Ailments of the nose

Today’s homeless dog looks through the doorway of the GSPCA as if he expects his new owner to walk through any minute. (He has been neutered.)


Pet Corner

There are some diseases of dogs and cats where one of the associate symptoms is a bleeding from the nostrils (epistaxis).
Nosebleeds develop when the blood vessels of the lining of the nostrils are ruptured. In addition to germs damaging the blood vessels in the nose, the rupture can be caused by vehement sneezing or by a grass seed (or some such foreign body) being stuck in the nostril.

On occasion, an ulcer could develop on the mucous membrane, or a bleeding tumour could result in the blood dripping (or even pouring) out of the nostrils. A hit on the nose bridge could also elicit a nosebleed.

It is quite a horrendous sight, especially when nothing can be done to stop the bleeding. People call in a panic and relate how the “entire” kennel or garage is covered with blood.
What’s worse is that no one wants to have such a bleeding dog sit in a car and mess up the upholstery. And if that is not bad enough, the situation can be further complicated (after the owner has persevered, albeit reluctantly, and brought the animal to the clinic) when the vet finds it difficult to quell the bleeding. More anguish ensues. This is truly one of those cases where the vet has first to pacify the owner before dealing with the patient.

Even while you are at home, may I suggest that you give the dog a sedative (a barbiturate, or a valium, or something similar). You might need to have one yourself, but I can’t really advise that (especially if you have to drive the animal to the clinic). You need all the faculties to be sharp when dealing with the pet’s nosebleeds.

Whether you have a sedative available or not, you must place an ice-pack on the nose bridge. If you do not have a commercial ice-pack at hand, you can make one by wrapping crushed ice in a light towel.

Keep the dog as quiet as possible. If the animal’s nose is still dripping blood, call your vet and alert him/her that you are on your way. Do not start poking around inside the nostril, or worse, trying to block up the nostril(s) with cotton wool. Messing around the inside of the nose will only provoke more sneezing, ergo more bleeding.
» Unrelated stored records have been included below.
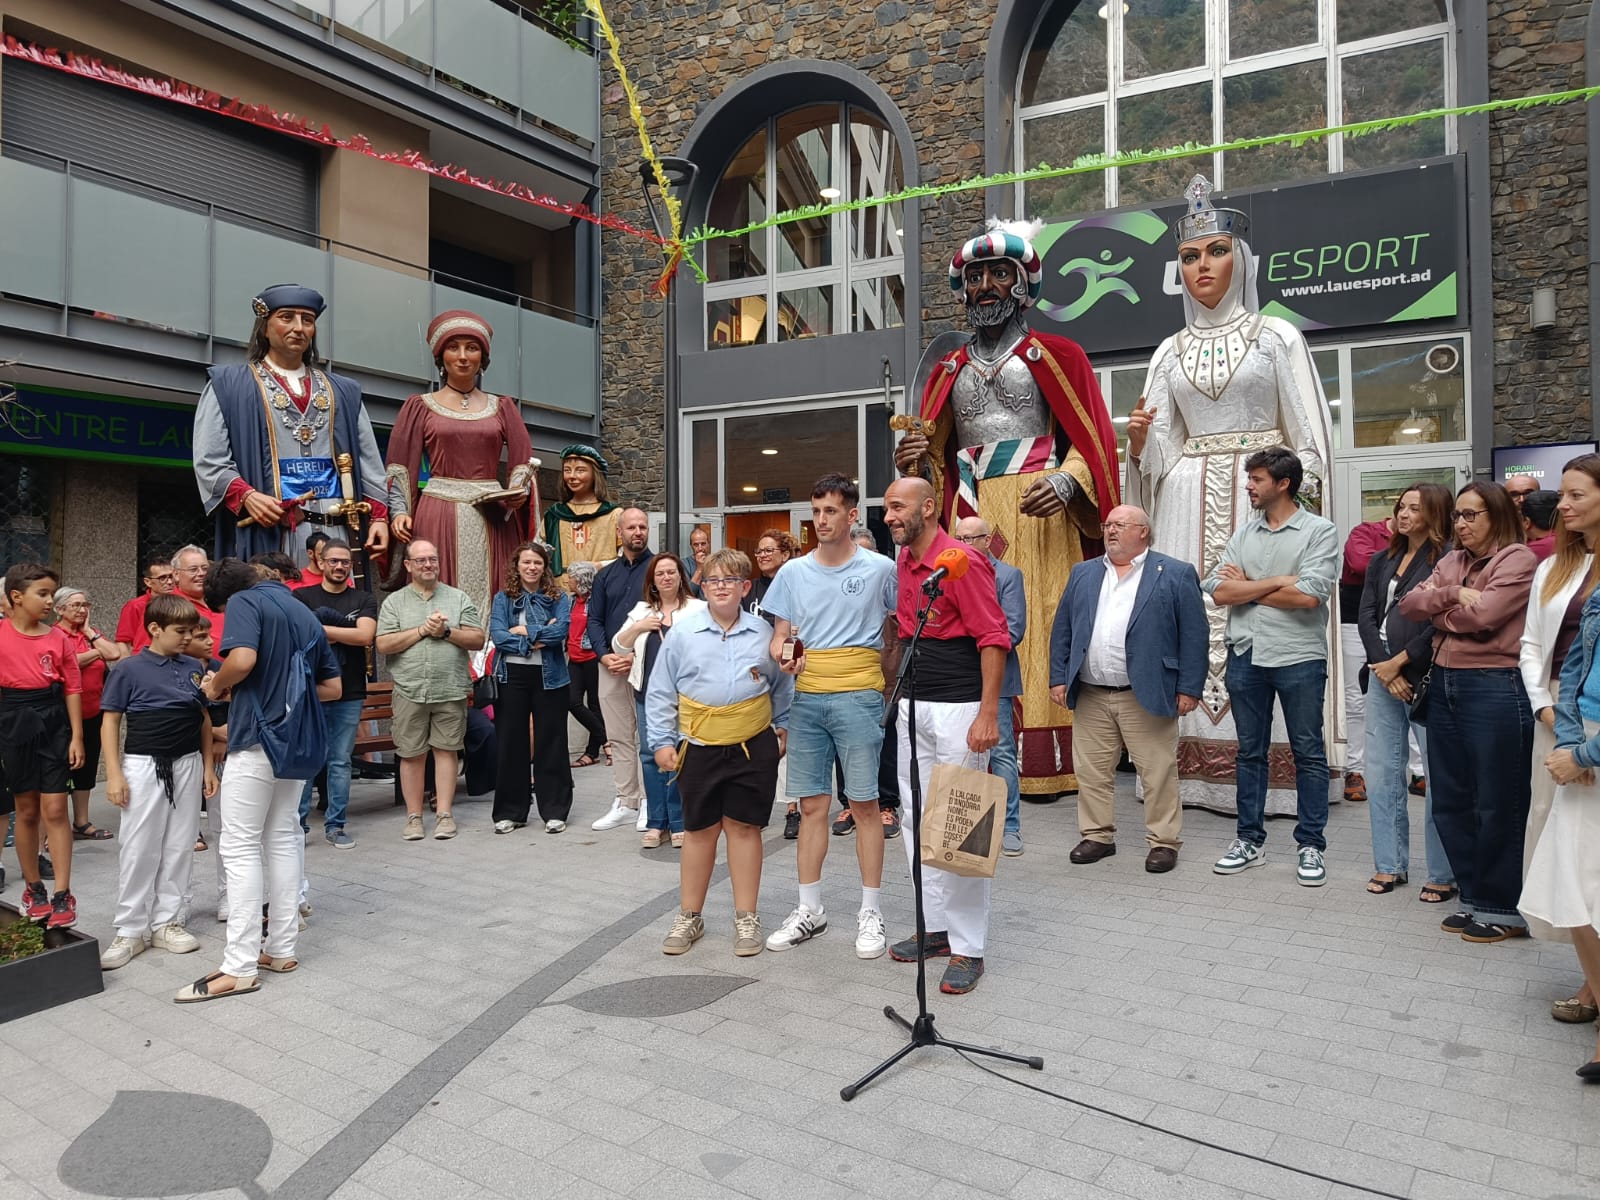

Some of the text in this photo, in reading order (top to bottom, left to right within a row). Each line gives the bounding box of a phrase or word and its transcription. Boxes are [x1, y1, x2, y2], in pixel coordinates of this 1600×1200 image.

[1268, 233, 1429, 281] ESPORT
[1281, 269, 1431, 297] www.lauesport.ad
[286, 461, 325, 474] HEREU
[1505, 464, 1535, 472] HORARI
[946, 814, 974, 827] ES PODEN
[945, 822, 968, 835] FER LES
[944, 831, 963, 842] COSES
Please ascertain as accurately as possible how much blood the pet has actually lost. Your vet will need to know this, if the animal has to be placed under anaesthesia. In the case of tumours, X-rays might be useful.
If you have Vitamin K (tablets, drops, etc) available you may wish to contact your veterinarian and request the dosage rate. The vet will ask you many questions which you must answer truthfully.

A panicky answer does not help, especially if it is based on your thinking that you need to give the vet the answer you think he/she needs. Similarly, if you think that exaggerating the condition will make the vet more likely to respond with urgency, that is both unfair and not smart.

Today’s homeless dog looks through the doorway of the GSPCA as if he expects his new owner to walk through any minute. (He has been neutered.)
Today’s homeless dog looks through the doorway of the GSPCA as if he expects his new owner to walk through any minute. (He has been neutered.)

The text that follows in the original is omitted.